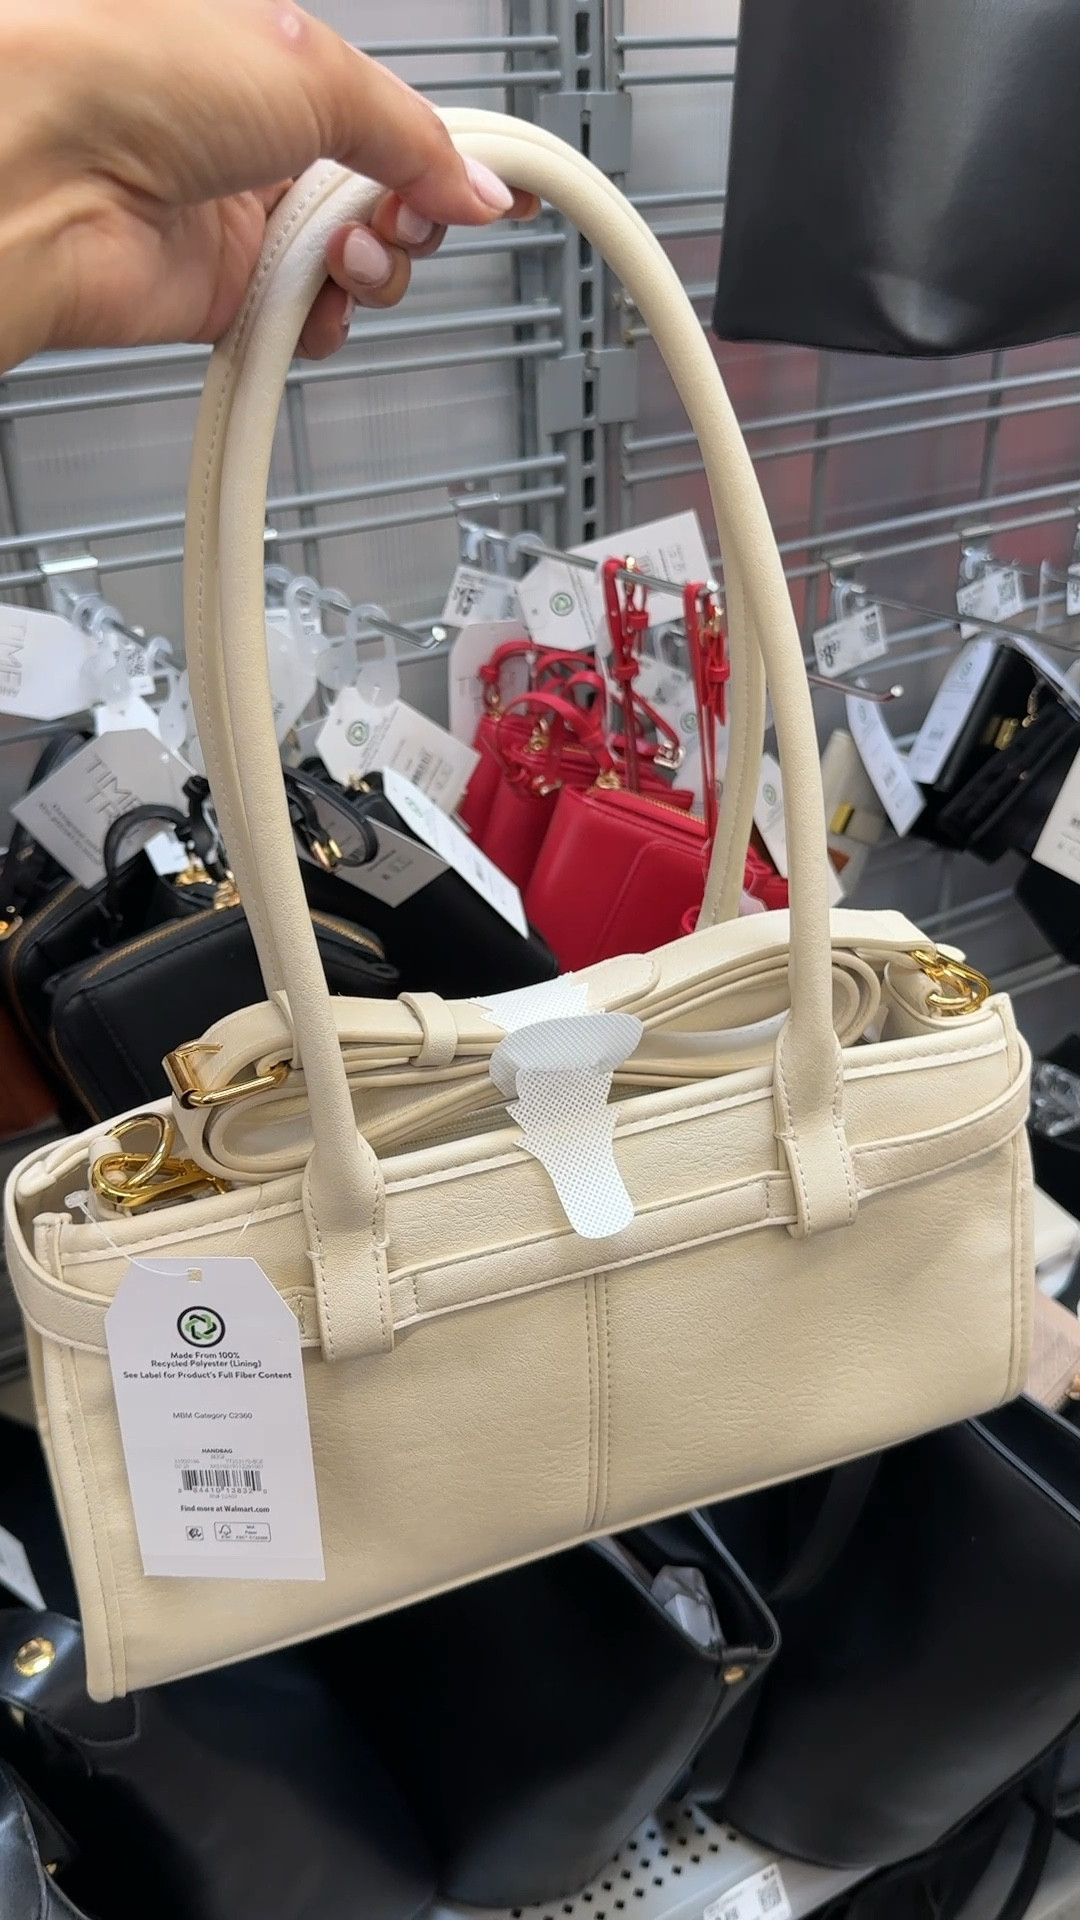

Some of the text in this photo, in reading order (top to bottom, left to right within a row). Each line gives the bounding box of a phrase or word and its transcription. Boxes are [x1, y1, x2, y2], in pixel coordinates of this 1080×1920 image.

[170, 1351, 240, 1359] Made From 100%
[150, 1359, 262, 1369] Recycled Polyester (Lining)
[123, 1371, 292, 1379] See Label for Product's Full Fiber Content
[194, 1412, 227, 1420] Category
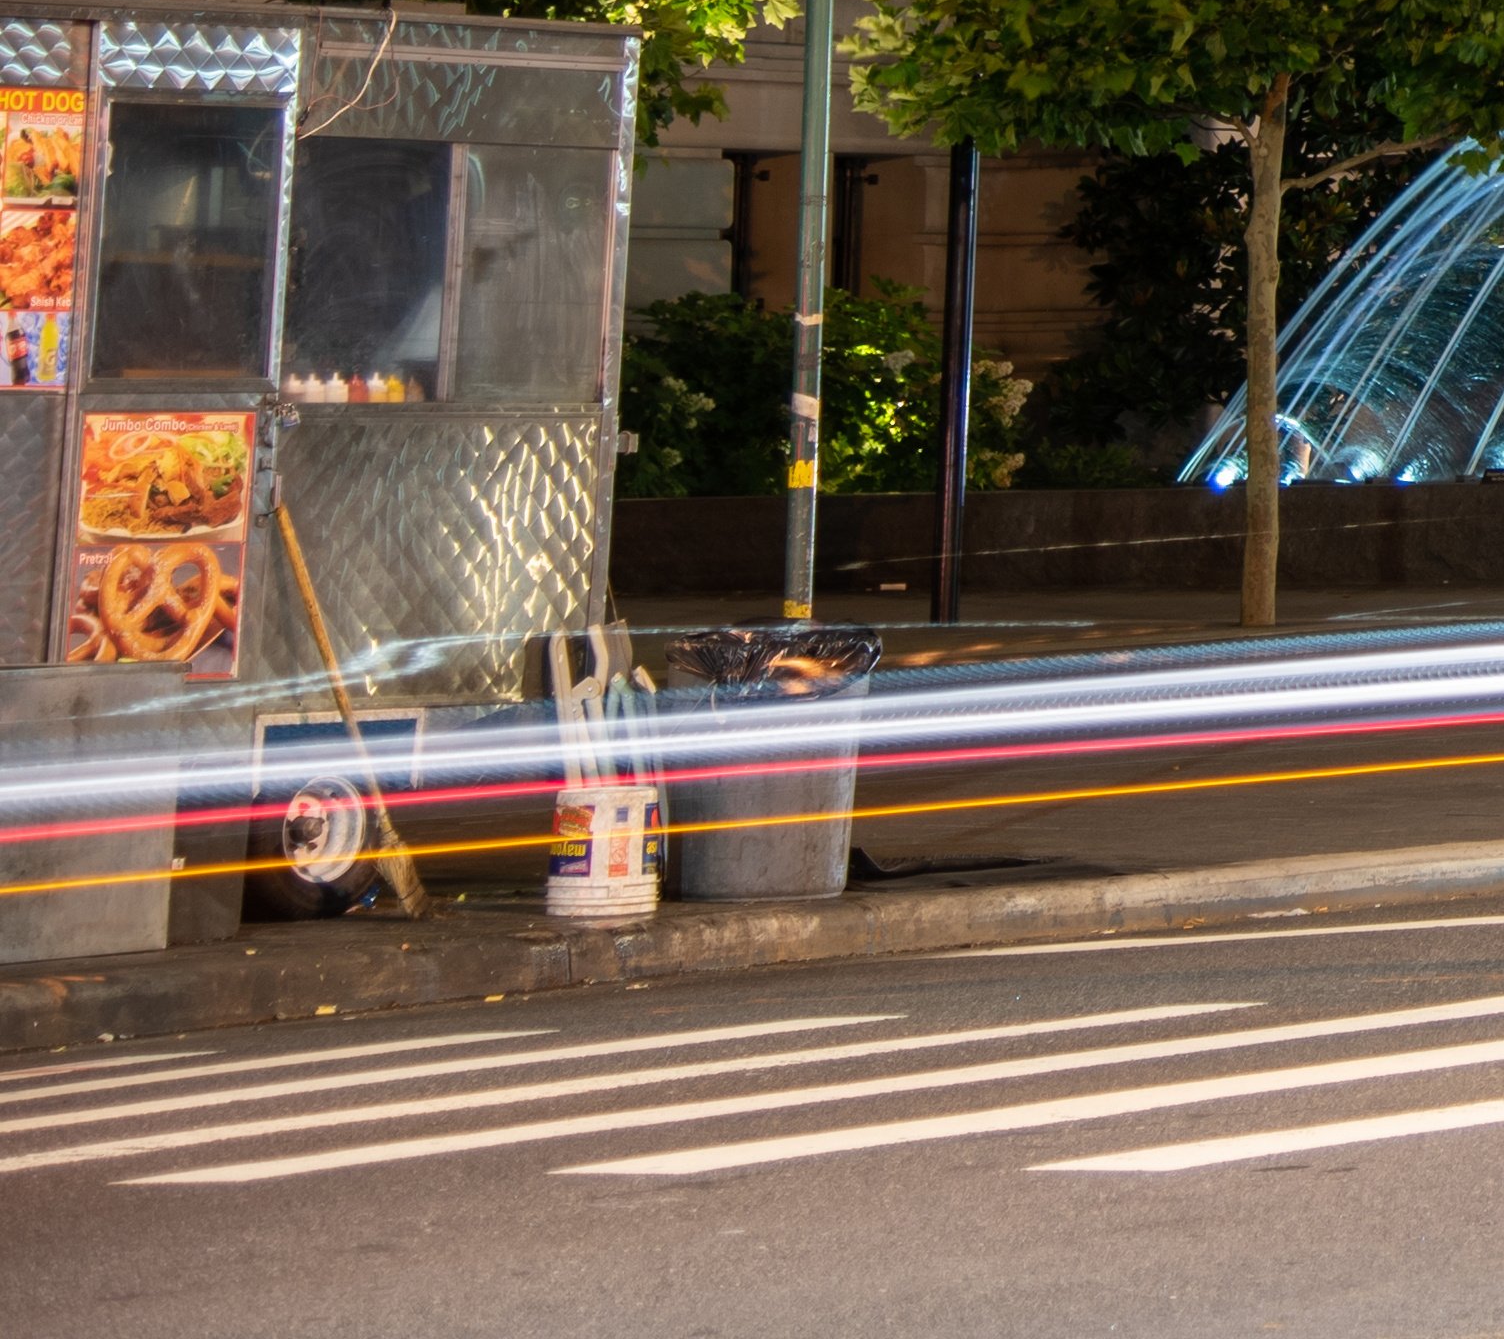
--
An exact copy of the material above is required, minus its images.

Some of the text in this photo, in reading order (top to bottom, left to right within a row). Each line gives the bounding box of a phrase or word and its transcription. Boxes are [x1, y1, x2, y2], in pixel coordinates of this 1080×1920 image.

[170, 1351, 240, 1359] Made From 100%
[150, 1359, 262, 1369] Recycled Polyester (Lining)
[123, 1371, 292, 1379] See Label for Product's Full Fiber Content
[194, 1412, 227, 1420] Category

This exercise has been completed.